# What is required:
From the line containing "this 2352×1568 image." through the last line of the data, return those lines exactly as written and nothing more.

# Exercise material:
######
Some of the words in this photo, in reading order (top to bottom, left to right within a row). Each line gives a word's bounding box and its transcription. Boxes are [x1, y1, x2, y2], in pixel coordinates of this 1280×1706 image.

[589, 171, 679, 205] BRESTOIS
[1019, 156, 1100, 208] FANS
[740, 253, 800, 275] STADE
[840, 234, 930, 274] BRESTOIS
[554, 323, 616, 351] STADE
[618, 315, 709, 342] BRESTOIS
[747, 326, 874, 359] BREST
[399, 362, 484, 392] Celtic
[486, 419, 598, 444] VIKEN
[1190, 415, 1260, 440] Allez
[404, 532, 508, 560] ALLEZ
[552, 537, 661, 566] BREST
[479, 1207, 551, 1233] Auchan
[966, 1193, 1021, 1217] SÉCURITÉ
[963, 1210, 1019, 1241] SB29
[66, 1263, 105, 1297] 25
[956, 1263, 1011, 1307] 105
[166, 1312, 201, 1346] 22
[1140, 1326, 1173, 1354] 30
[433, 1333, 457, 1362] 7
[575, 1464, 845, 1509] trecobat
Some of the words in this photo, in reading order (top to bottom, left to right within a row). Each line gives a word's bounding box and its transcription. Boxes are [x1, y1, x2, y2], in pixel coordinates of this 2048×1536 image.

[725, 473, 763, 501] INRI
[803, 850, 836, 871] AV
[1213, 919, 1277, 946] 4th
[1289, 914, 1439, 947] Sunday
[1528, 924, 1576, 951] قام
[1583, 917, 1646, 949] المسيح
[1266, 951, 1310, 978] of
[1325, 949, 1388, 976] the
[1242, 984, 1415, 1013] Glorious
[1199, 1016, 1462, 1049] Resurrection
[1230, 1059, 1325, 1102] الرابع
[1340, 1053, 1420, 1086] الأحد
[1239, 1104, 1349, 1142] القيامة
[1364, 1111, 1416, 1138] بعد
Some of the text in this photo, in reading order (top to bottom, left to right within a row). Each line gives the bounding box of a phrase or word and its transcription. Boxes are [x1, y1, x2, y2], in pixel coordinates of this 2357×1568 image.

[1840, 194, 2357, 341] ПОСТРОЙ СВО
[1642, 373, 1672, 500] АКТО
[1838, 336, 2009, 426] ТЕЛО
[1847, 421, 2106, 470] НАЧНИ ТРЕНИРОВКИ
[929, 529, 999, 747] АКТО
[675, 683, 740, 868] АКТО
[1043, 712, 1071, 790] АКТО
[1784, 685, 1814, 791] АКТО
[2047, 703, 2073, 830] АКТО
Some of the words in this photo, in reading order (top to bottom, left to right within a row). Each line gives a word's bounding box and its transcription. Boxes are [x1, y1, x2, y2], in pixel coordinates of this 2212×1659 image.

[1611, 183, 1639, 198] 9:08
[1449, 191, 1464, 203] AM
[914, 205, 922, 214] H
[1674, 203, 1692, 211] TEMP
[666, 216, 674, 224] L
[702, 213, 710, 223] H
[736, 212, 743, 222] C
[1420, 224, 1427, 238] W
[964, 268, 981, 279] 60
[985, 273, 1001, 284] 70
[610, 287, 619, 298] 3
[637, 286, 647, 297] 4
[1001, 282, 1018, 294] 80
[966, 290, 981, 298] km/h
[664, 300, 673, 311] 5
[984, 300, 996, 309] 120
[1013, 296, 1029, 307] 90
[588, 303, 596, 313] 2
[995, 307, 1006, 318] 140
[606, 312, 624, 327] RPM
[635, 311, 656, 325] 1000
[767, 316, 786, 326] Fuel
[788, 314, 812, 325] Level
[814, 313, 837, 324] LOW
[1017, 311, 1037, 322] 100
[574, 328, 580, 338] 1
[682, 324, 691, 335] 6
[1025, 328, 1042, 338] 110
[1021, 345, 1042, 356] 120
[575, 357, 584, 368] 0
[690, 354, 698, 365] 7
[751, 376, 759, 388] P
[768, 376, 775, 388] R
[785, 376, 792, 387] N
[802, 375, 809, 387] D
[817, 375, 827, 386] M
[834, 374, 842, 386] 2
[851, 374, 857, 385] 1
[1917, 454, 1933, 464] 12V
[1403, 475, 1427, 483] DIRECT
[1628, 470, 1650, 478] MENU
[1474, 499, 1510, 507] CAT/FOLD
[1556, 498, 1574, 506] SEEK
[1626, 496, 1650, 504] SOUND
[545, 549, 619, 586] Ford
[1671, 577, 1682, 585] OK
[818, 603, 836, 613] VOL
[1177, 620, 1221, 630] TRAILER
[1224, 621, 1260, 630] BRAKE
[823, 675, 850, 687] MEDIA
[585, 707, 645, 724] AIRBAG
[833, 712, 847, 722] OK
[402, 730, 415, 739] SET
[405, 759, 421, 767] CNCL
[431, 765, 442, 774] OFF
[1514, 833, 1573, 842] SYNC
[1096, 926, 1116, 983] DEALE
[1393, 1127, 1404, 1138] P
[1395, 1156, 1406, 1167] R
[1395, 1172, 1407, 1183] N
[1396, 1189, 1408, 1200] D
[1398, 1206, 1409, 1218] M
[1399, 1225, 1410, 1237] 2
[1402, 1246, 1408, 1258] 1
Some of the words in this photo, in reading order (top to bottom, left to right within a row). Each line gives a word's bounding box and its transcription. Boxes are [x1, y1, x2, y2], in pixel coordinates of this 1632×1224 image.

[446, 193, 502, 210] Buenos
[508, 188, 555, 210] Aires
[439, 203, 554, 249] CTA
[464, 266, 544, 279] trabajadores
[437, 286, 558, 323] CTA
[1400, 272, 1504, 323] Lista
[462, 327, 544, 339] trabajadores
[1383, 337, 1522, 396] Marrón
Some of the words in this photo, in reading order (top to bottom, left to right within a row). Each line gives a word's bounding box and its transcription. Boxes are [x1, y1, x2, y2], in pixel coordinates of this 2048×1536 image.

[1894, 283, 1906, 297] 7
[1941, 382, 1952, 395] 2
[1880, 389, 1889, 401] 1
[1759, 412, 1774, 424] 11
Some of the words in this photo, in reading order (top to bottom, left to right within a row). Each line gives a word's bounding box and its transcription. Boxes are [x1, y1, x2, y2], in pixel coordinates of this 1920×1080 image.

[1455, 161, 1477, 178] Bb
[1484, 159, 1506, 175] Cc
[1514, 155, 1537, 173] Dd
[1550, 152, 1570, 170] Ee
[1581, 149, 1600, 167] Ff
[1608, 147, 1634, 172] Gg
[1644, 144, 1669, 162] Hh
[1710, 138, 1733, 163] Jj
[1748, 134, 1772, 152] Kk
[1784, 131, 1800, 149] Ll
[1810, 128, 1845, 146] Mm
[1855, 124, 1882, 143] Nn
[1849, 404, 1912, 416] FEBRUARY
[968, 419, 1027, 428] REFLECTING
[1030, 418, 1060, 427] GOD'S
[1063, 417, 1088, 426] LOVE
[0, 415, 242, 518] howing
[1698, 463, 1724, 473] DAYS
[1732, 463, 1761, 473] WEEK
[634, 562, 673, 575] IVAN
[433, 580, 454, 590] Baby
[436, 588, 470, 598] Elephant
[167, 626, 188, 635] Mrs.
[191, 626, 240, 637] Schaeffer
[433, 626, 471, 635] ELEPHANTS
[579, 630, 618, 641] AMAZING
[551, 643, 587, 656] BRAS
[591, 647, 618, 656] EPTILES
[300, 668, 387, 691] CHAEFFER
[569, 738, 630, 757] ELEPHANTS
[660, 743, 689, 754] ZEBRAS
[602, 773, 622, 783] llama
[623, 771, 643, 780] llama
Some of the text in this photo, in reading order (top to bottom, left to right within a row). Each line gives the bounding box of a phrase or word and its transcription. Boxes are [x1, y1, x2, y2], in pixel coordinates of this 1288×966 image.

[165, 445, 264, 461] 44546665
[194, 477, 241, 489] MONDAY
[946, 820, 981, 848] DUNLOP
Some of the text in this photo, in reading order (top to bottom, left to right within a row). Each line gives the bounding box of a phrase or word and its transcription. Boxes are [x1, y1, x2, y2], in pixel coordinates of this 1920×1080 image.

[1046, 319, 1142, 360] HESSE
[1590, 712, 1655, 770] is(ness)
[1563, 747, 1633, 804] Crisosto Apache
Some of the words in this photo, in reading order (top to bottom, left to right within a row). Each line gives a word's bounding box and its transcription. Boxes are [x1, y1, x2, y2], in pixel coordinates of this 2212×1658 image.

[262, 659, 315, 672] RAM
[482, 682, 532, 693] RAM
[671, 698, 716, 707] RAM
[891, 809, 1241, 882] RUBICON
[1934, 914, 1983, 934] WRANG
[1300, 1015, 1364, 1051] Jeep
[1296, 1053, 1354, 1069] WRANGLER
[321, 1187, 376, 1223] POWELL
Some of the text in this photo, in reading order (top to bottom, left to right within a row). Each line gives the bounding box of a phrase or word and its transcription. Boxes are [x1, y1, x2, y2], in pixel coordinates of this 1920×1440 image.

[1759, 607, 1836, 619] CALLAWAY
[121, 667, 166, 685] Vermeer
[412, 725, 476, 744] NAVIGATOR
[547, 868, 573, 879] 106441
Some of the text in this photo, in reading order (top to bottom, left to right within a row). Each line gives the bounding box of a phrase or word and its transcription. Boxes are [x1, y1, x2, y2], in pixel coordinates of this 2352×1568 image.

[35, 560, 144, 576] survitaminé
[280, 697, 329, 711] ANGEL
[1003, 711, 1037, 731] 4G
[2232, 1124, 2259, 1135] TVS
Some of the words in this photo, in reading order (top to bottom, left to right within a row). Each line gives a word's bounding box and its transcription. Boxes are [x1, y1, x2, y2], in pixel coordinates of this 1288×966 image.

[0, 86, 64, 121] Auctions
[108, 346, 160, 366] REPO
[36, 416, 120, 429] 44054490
######
# Output of the task:
Some of the text in this photo, in reading order (top to bottom, left to right within a row). Each line gives the bounding box of a phrase or word and its transcription. Boxes are [x1, y1, x2, y2], in pixel coordinates of this 2352×1568 image.

[35, 560, 144, 576] survitaminé
[280, 697, 329, 711] ANGEL
[1003, 711, 1037, 731] 4G
[2232, 1124, 2259, 1135] TVS
Some of the words in this photo, in reading order (top to bottom, left to right within a row). Each line gives a word's bounding box and its transcription. Boxes are [x1, y1, x2, y2], in pixel coordinates of this 1288×966 image.

[0, 86, 64, 121] Auctions
[108, 346, 160, 366] REPO
[36, 416, 120, 429] 44054490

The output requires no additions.